BEGIN

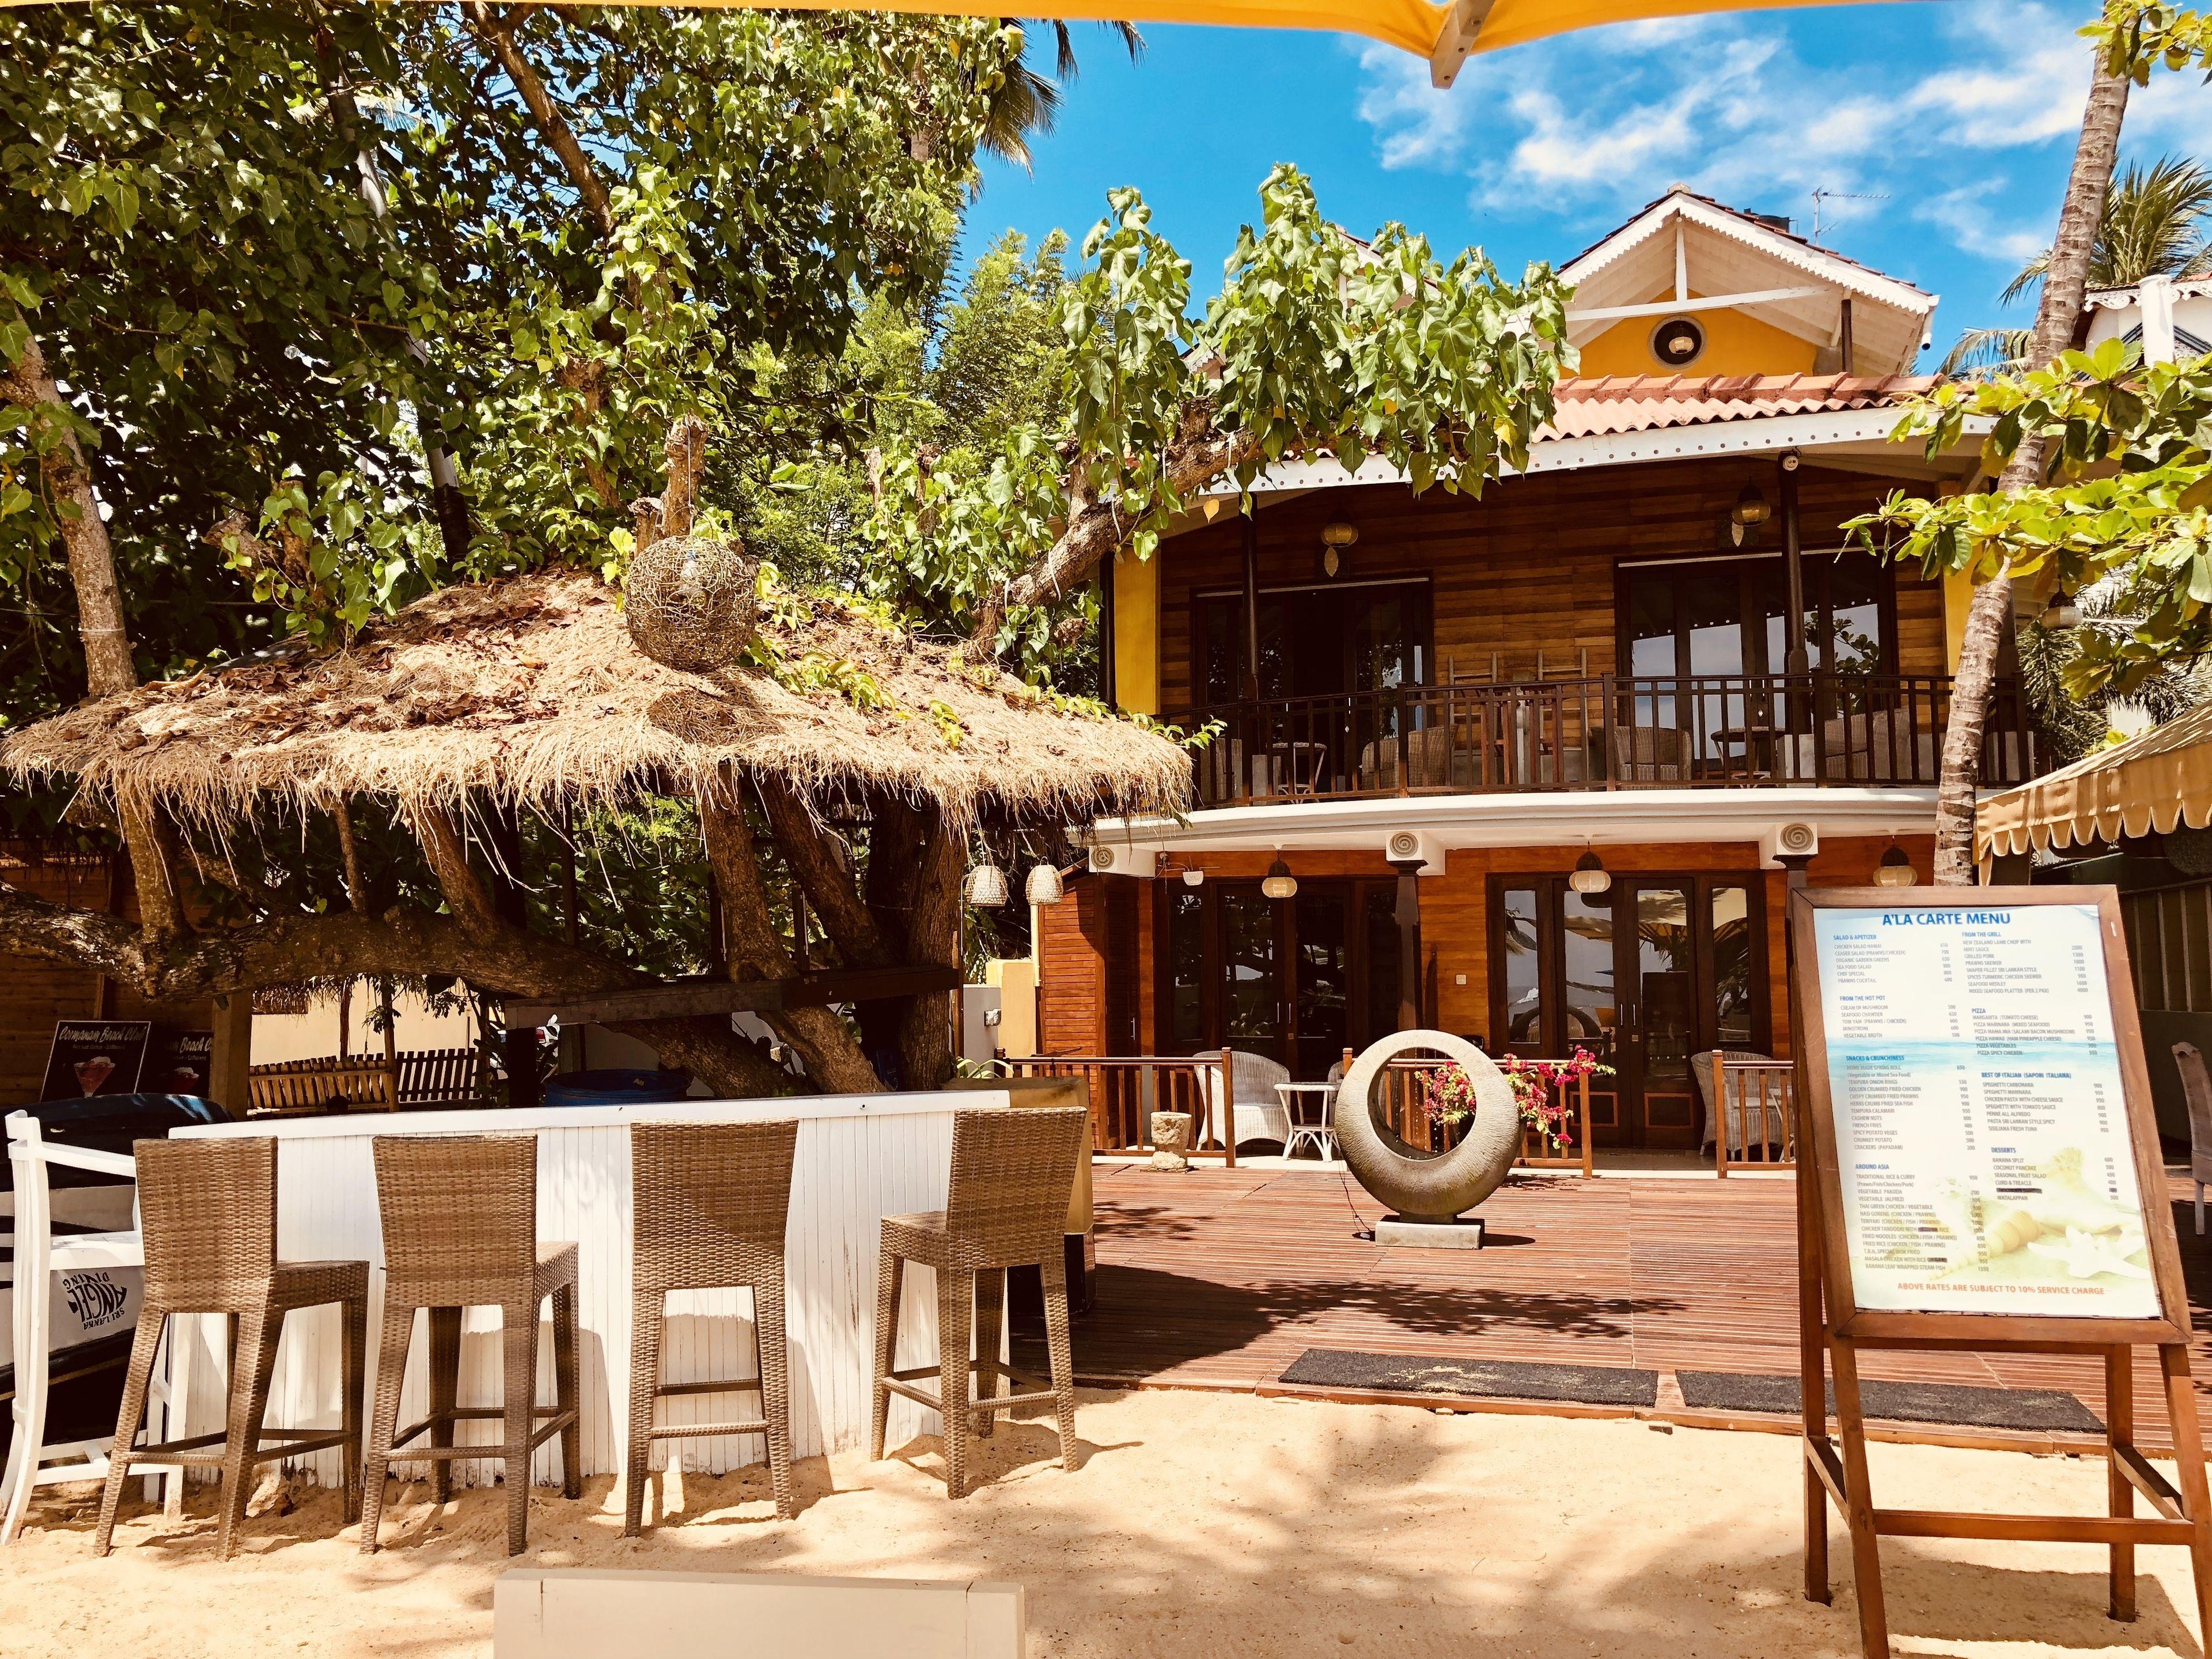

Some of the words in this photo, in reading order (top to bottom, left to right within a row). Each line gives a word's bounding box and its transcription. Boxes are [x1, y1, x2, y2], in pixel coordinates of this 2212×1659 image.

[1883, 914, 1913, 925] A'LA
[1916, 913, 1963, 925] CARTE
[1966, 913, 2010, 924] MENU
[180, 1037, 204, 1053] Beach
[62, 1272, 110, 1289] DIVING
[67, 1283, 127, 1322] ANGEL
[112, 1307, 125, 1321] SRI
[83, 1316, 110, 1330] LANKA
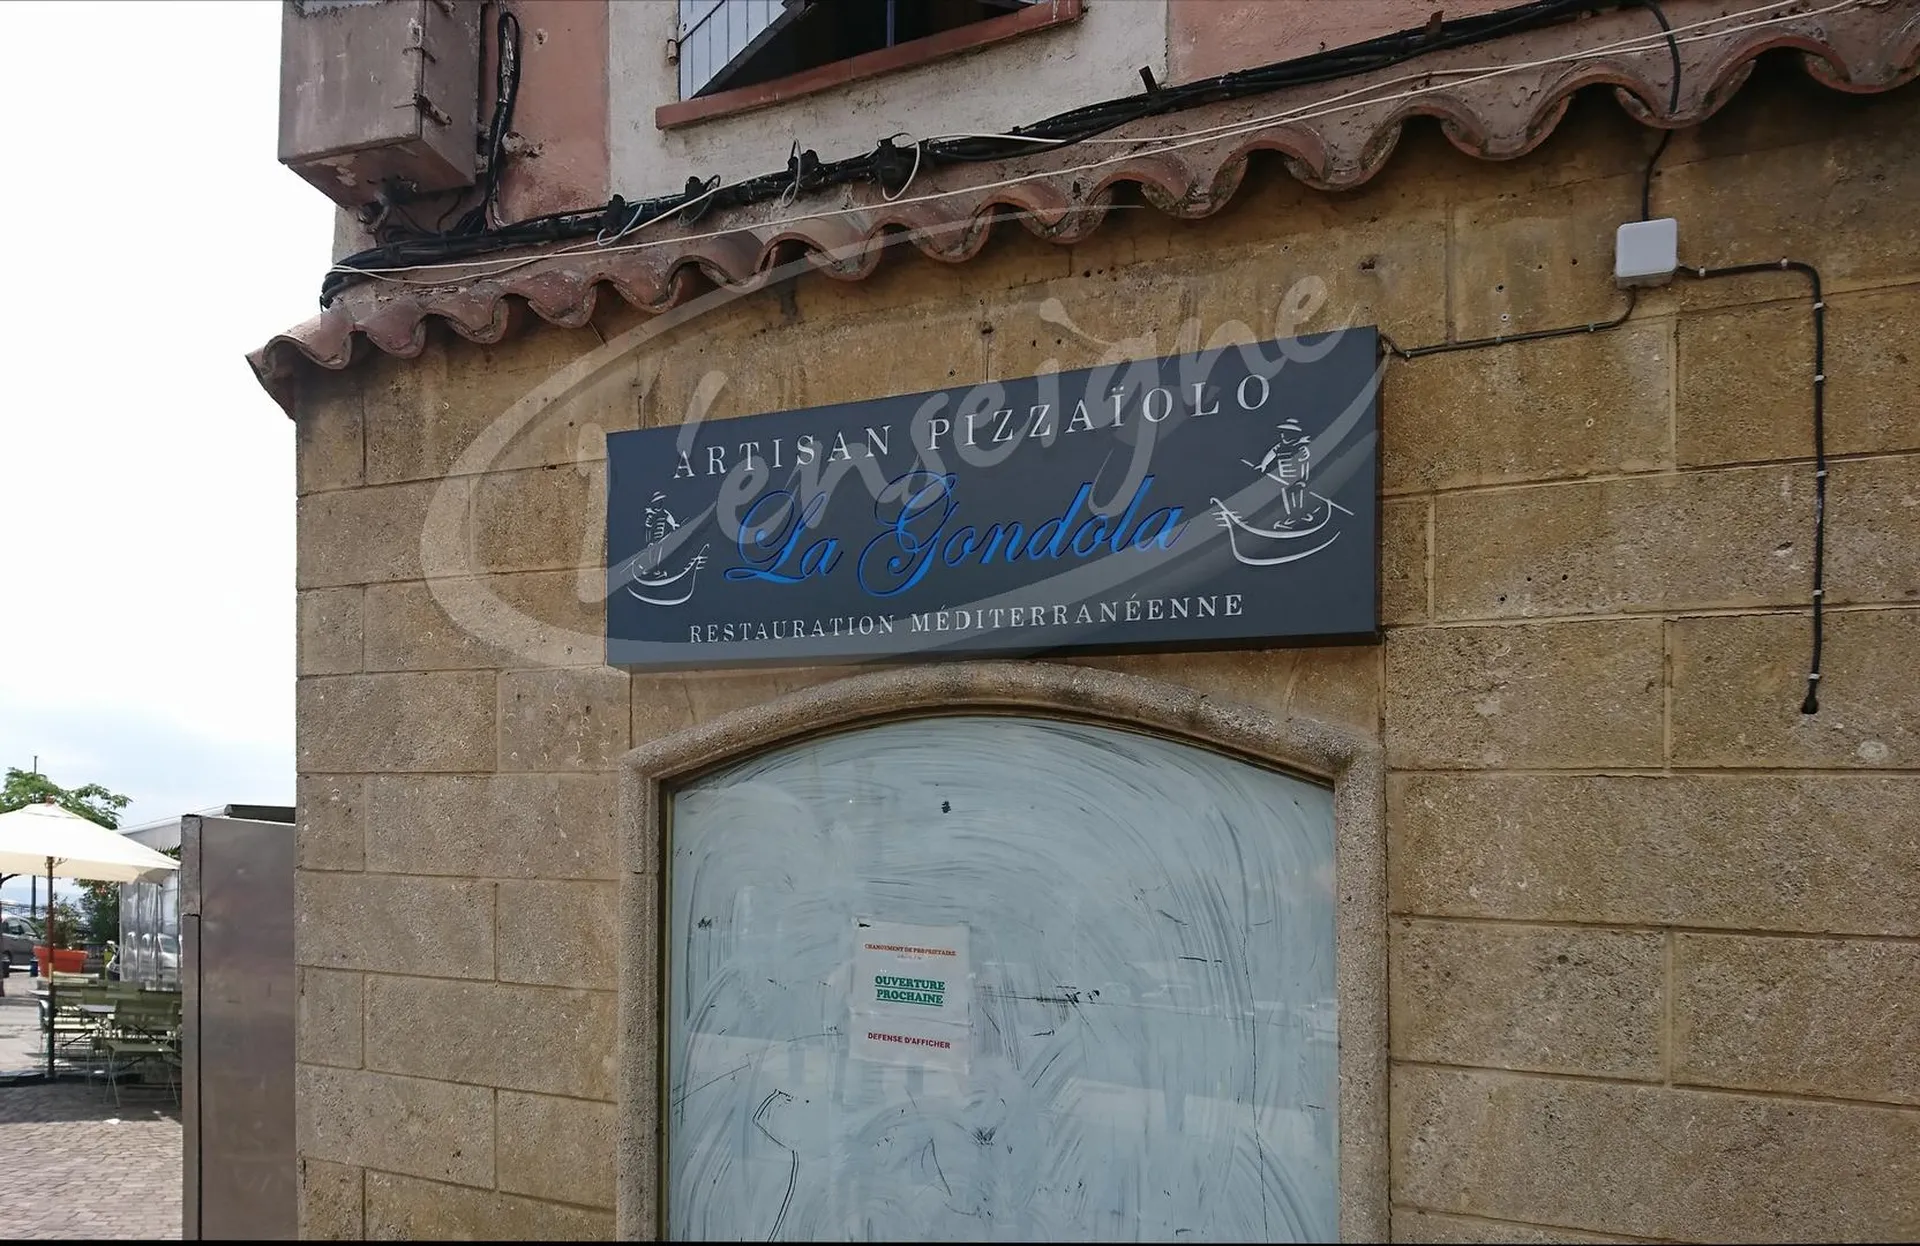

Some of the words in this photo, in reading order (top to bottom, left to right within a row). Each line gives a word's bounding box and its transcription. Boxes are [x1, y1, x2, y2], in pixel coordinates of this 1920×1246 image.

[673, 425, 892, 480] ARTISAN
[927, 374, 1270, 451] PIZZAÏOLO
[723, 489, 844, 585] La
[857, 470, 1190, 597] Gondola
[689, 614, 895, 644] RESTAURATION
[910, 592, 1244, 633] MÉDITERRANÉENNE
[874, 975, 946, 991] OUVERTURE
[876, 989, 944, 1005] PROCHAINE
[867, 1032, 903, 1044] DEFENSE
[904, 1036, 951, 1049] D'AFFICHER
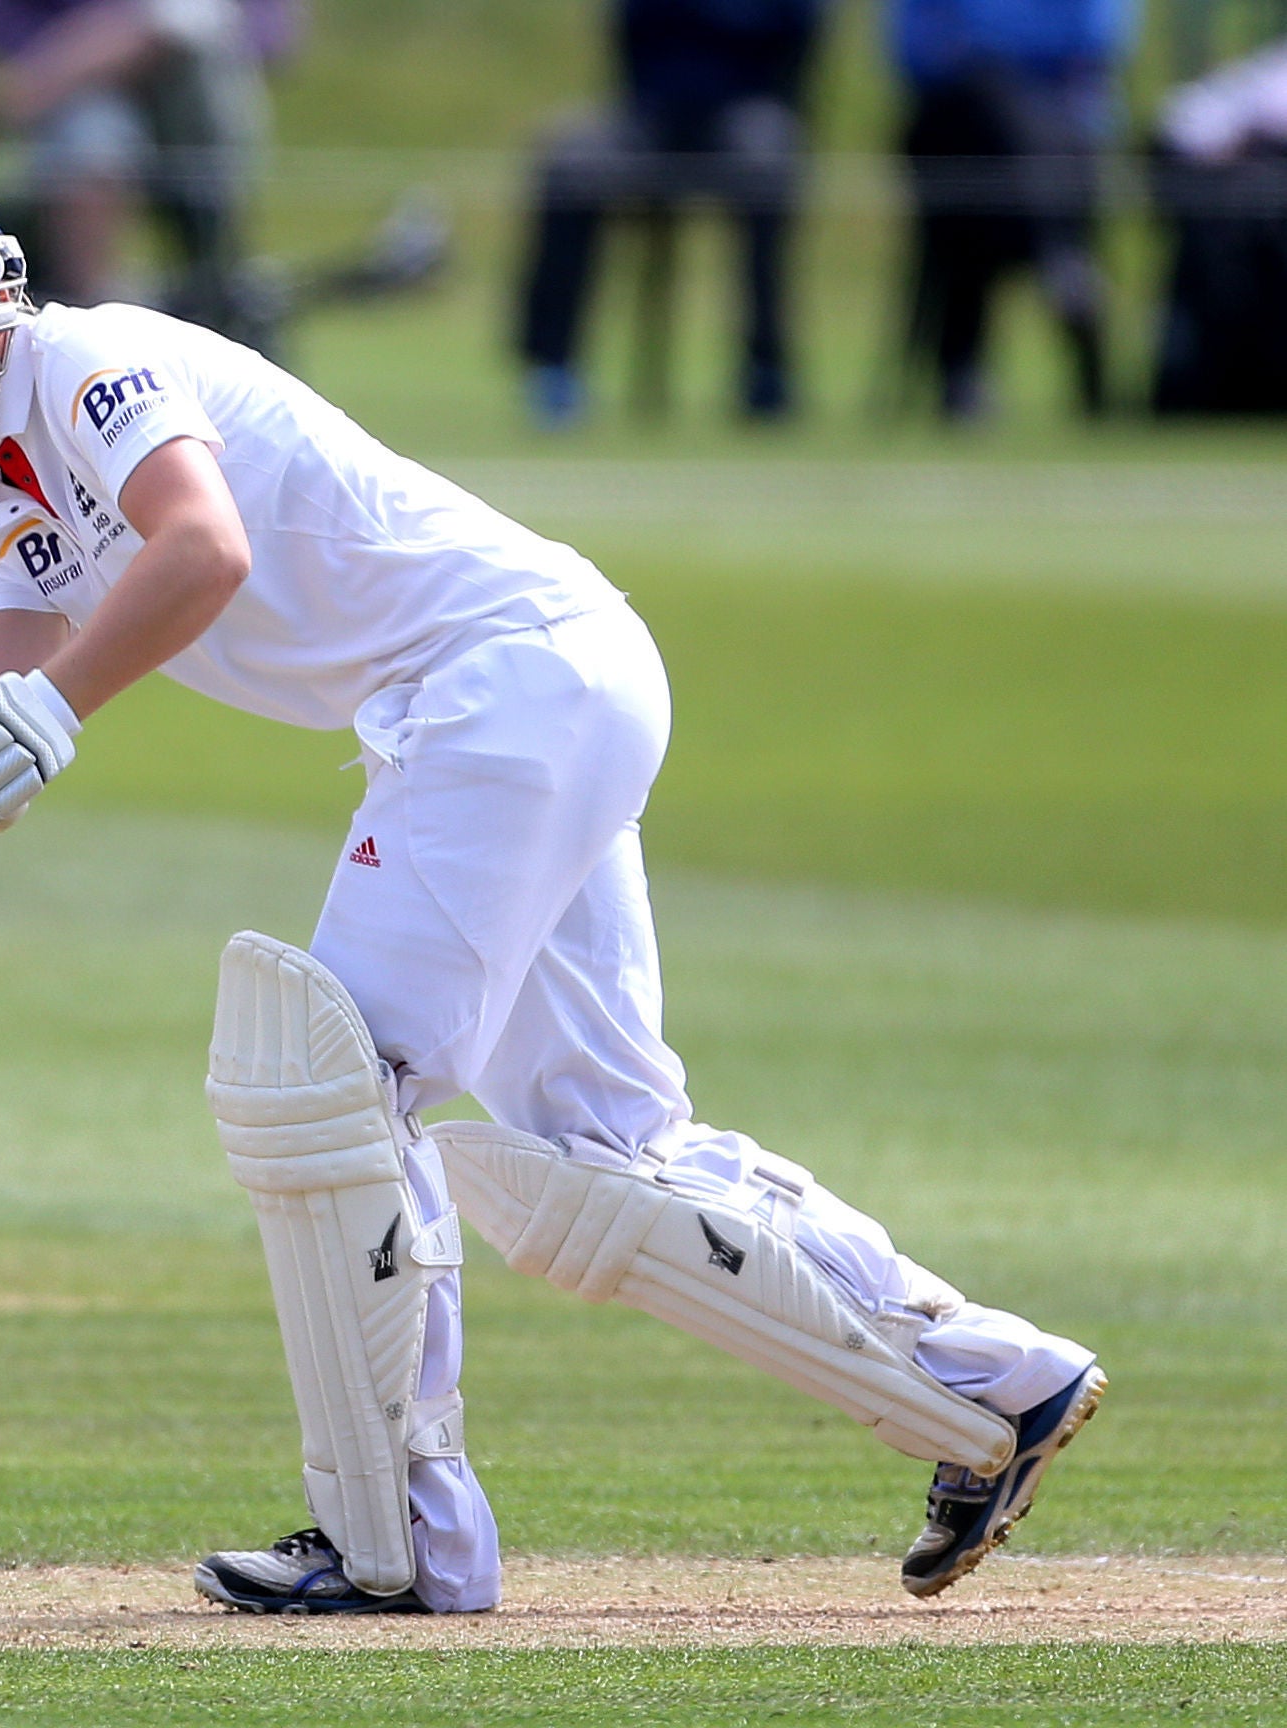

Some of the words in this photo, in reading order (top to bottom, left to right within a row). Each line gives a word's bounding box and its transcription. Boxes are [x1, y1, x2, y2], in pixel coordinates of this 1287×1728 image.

END

Restate the entries above word for word, and keep the pictures out.

*RESPONSE FOR THIS EXERCISE:*
Some of the words in this photo, in reading order (top to bottom, left to right within a row). Each line gives a word's bounding box and its transcription. Boxes are [x1, y1, x2, y2], in pixel coordinates of this 2212×1659 image.

[1883, 914, 1913, 925] A'LA
[1916, 913, 1963, 925] CARTE
[1966, 913, 2010, 924] MENU
[180, 1037, 204, 1053] Beach
[62, 1272, 110, 1289] DIVING
[67, 1283, 127, 1322] ANGEL
[112, 1307, 125, 1321] SRI
[83, 1316, 110, 1330] LANKA

Some of the words in this photo, in reading order (top to bottom, left to right within a row). Each line gives a word's bounding box and its transcription. Boxes are [x1, y1, x2, y2], in pixel coordinates of this 1920×1246 image.

[673, 425, 892, 480] ARTISAN
[927, 374, 1270, 451] PIZZAÏOLO
[723, 489, 844, 585] La
[857, 470, 1190, 597] Gondola
[689, 614, 895, 644] RESTAURATION
[910, 592, 1244, 633] MÉDITERRANÉENNE
[874, 975, 946, 991] OUVERTURE
[876, 989, 944, 1005] PROCHAINE
[867, 1032, 903, 1044] DEFENSE
[904, 1036, 951, 1049] D'AFFICHER

Some of the words in this photo, in reading order (top to bottom, left to right within a row). Each line gives a word's bounding box and its transcription. Boxes are [x1, y1, x2, y2], in pixel coordinates of this 1287×1728 image.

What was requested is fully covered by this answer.